After chatting on the phone for a few days, if she wanted to meet than we would decide where to meet in public for dinner or coffee. If the chemistry was right, then whatever happened after that was what ever we agreed on.

No rush, plenty of time!
Daized688

Apr 3 @ 2:02AM  
There really are no "set rules". Personally, I'm very intuitive and can usually tell right off the bat. As far as sex is concerned, if you guys click on the first date...what's wrong with fucking on the first date? You are two consenting adults right?
traveler007

Apr 3 @ 2:31AM  
If two people can't connect reasonably smoothly off line , then they shouldnt be on line
kingdongilingus

Apr 3 @ 2:42AM  
You know, that is a good question indeed. For me, I have talked to females (here and other sites) thru messenger or email only for 10 minutes or even less and met them that day or the next for "meatings".

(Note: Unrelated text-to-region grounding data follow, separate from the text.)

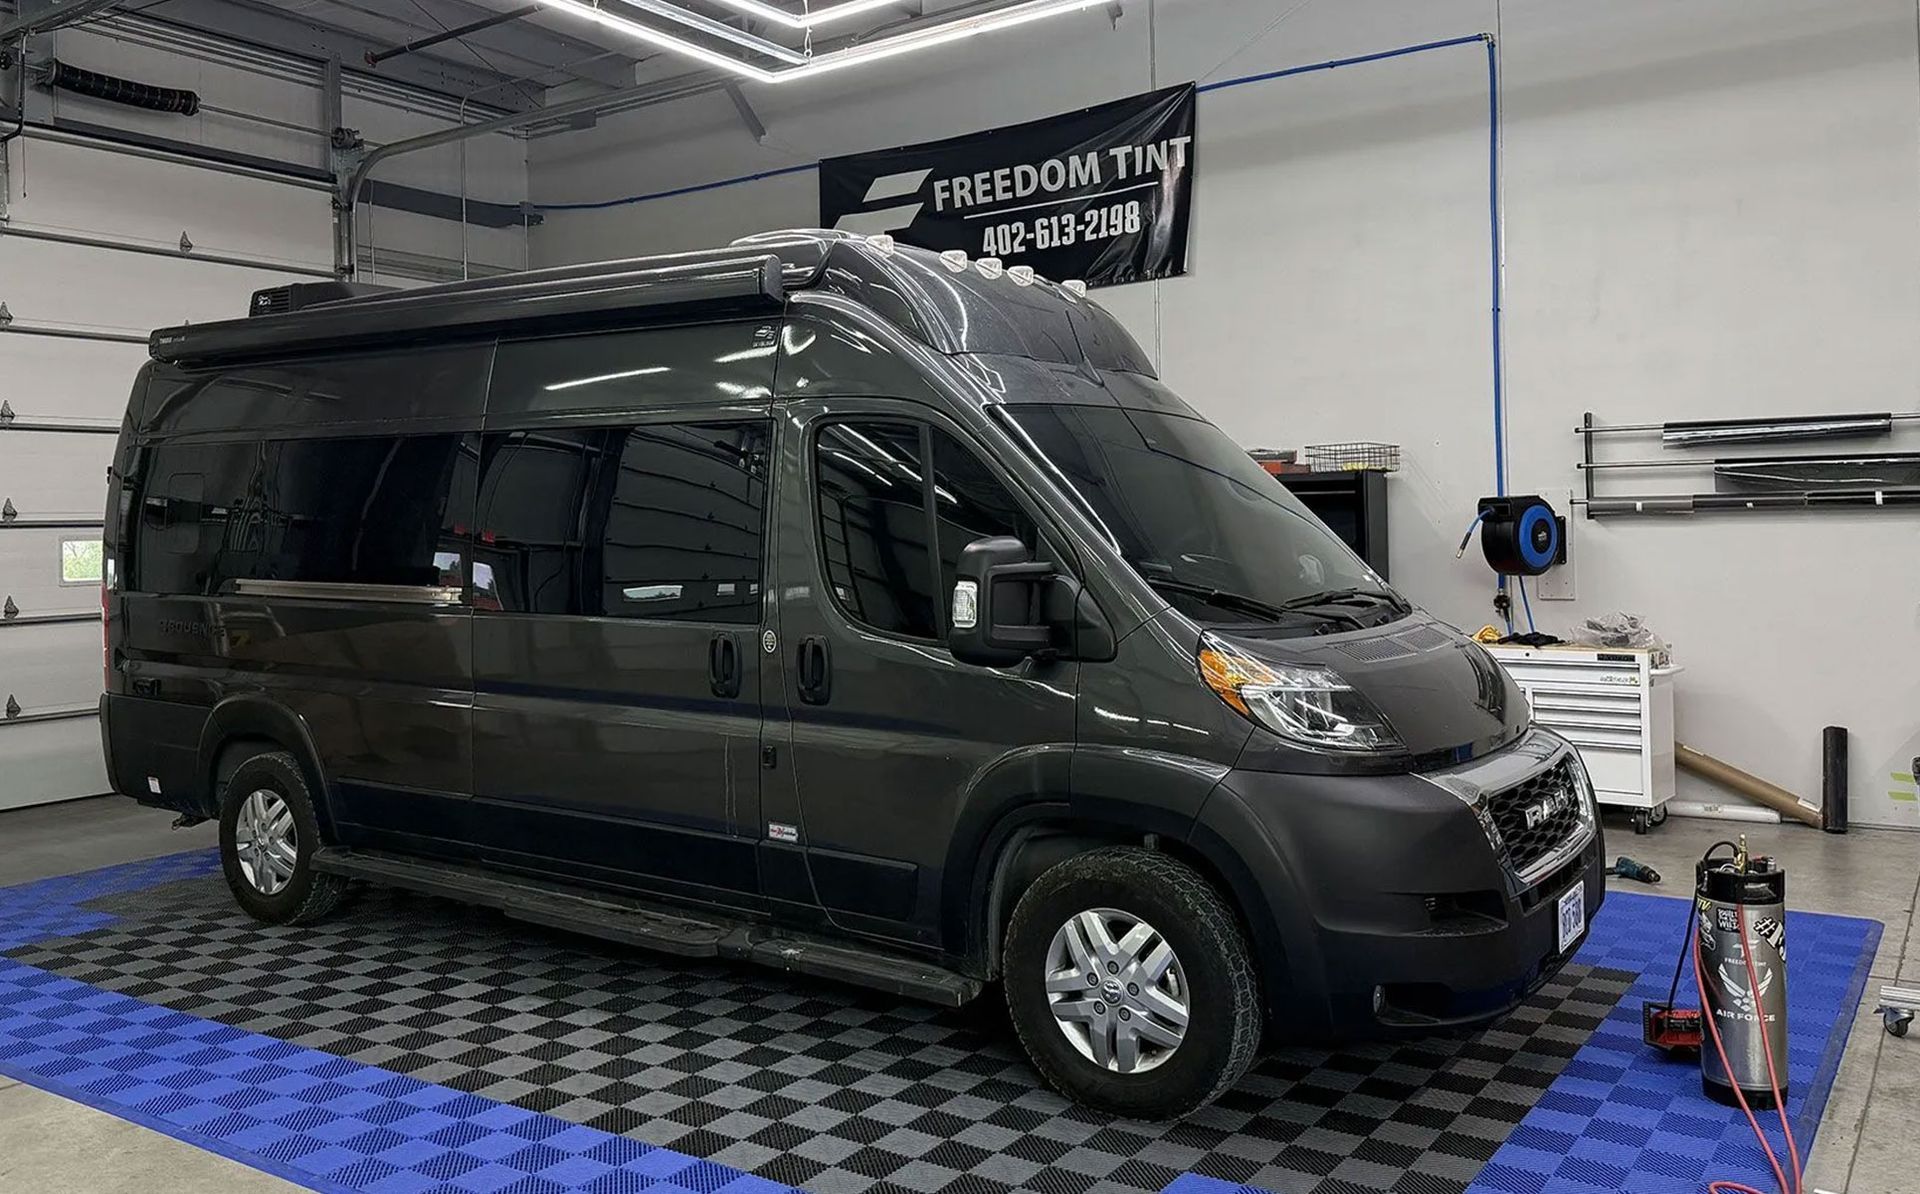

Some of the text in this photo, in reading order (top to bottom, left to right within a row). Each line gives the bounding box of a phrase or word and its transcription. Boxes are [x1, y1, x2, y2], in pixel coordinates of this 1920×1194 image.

[933, 136, 1191, 212] FREEDOM TINT
[982, 200, 1141, 257] 402-613-2198
[1525, 787, 1568, 830] RAM
[1724, 957, 1749, 966] FREEDO
[1716, 1009, 1735, 1019] AIR
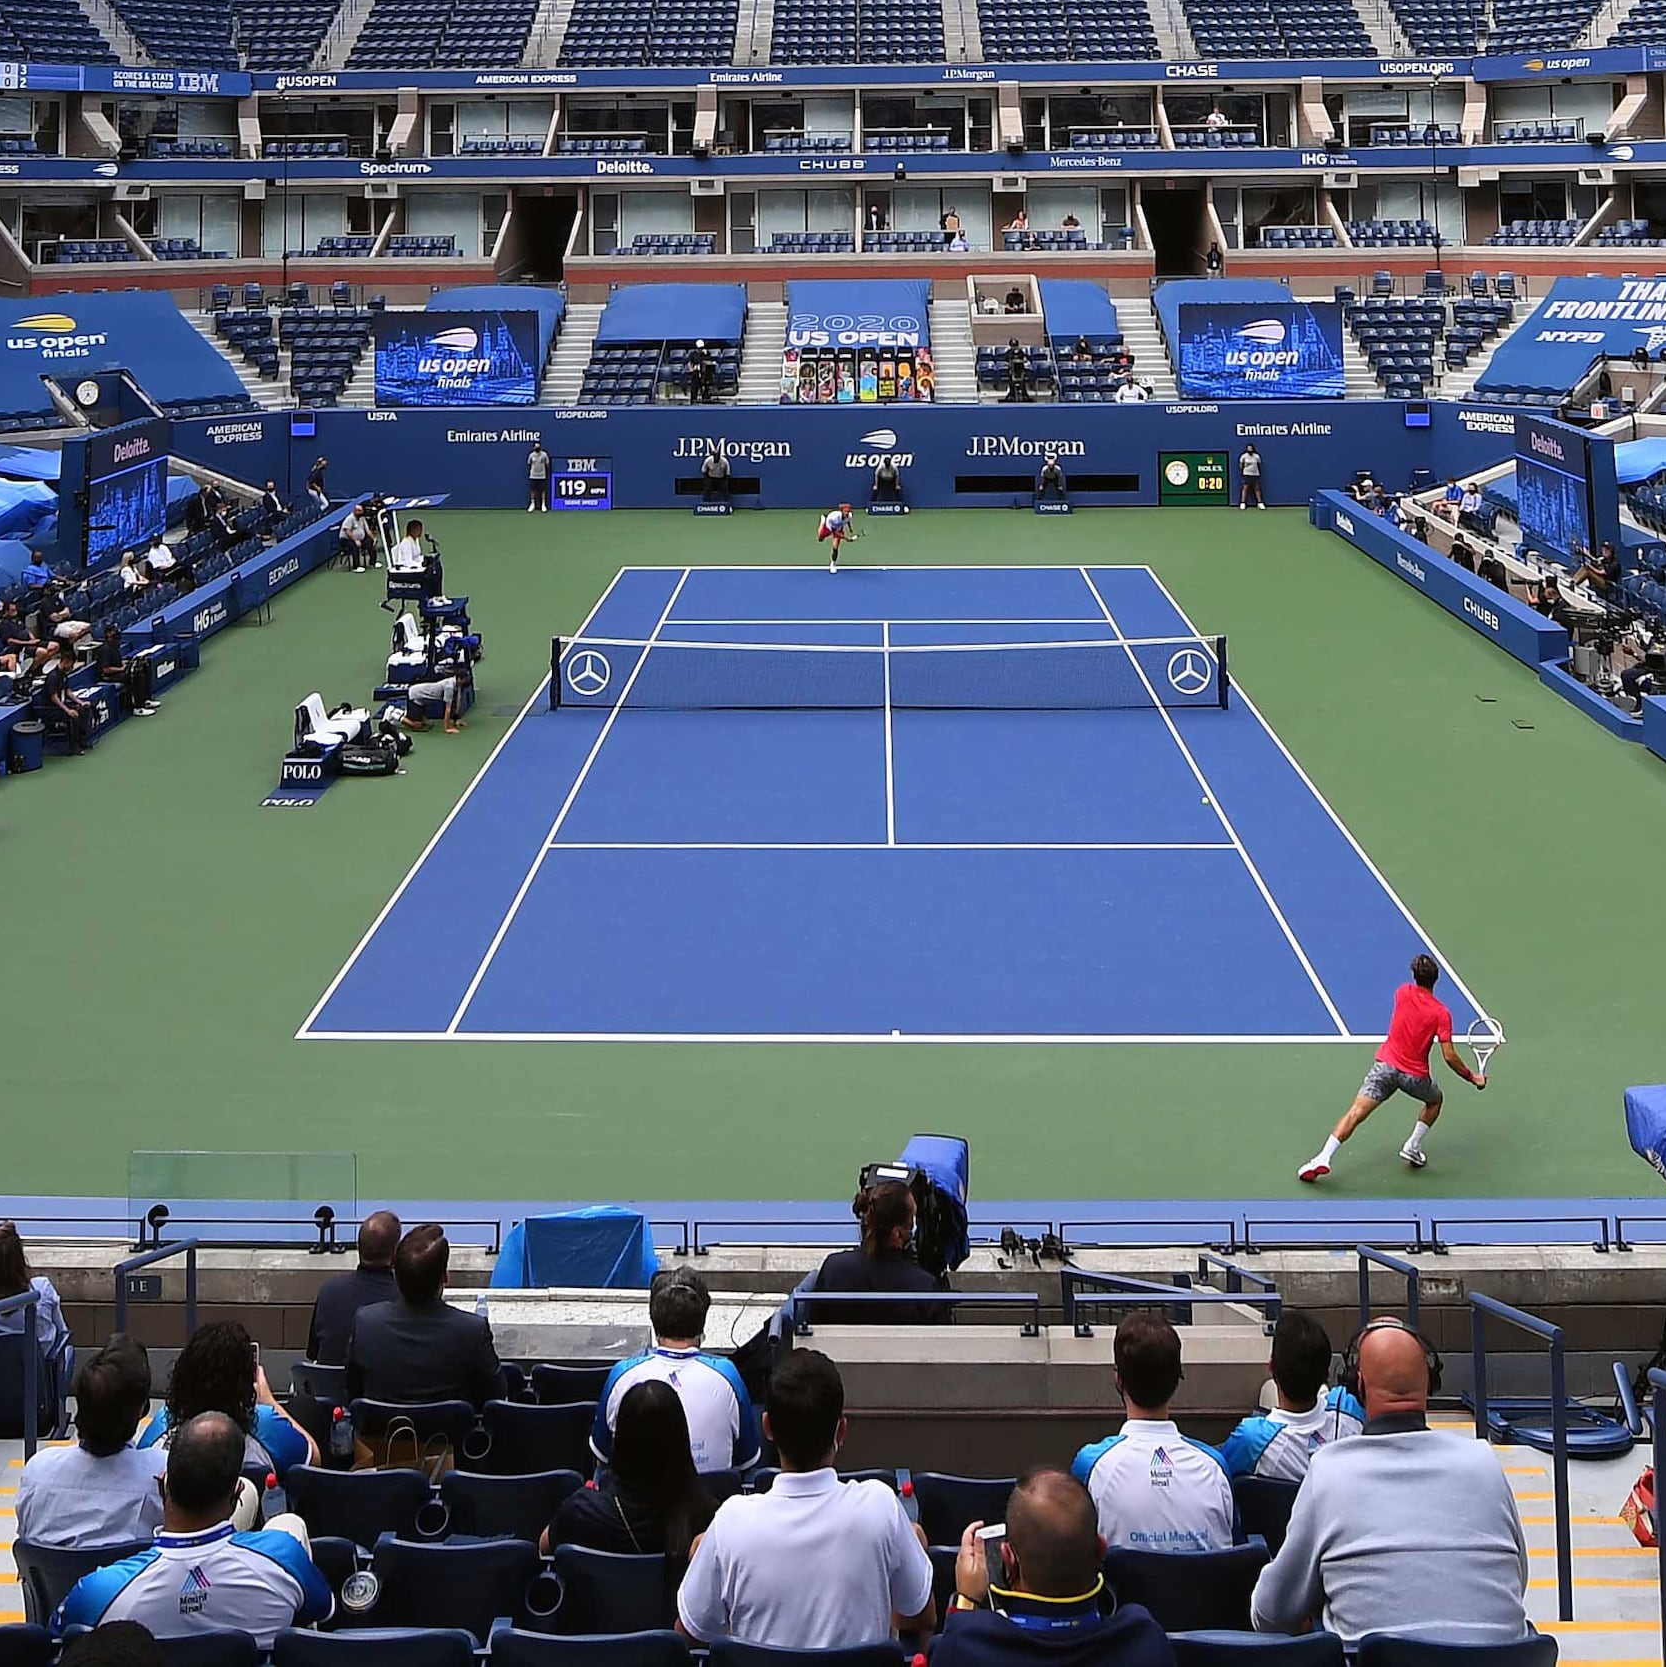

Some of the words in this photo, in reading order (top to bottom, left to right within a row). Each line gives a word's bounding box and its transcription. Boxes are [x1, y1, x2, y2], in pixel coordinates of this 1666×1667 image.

But, that is just me, and I am a male ('nuff said). I worry about little, but as a female, the question becomes more difficult.

I am quite stern on making sure that someone knows where I am heading, and for you, it would be a definite must. Hell, take someone with you! After all, there are no rules to this stuff, only the ones you make.

Go by your gut instinct, if it feels bad, pass the guy up. Even if you are wrong, remember it only takes once to end up getting messed up (though with all the females I have ever met, only one I met with said she had a guy that was slightly out of whack).

Just take every precaution imaginable. While I consider "meet and greets" a waste of my time, that does not mean on YOUR end they are not a most EXCELLENT idea. The whole public place meetings prior to the other "meatings" will quickly weed out what you don't want as well, especially during the daytime. (Works with women too)

Also remember a little trick of having someone call you during the "meat". Excellent way to make sure the other person understands you are in touch during the whole thing. Never bothered me any at all.

My suggestion is chat, email, then work up to phone, public meetings and then actual "meatings". Just follow the same routine every time, because it can save you some serious pain later on.

The only downside to that approach is that on MY end (and consequently, many of the guys I know) won't wait that long, they will move on, more fish in the pond, etc. Depends on what YOU want and how YOU want to do it.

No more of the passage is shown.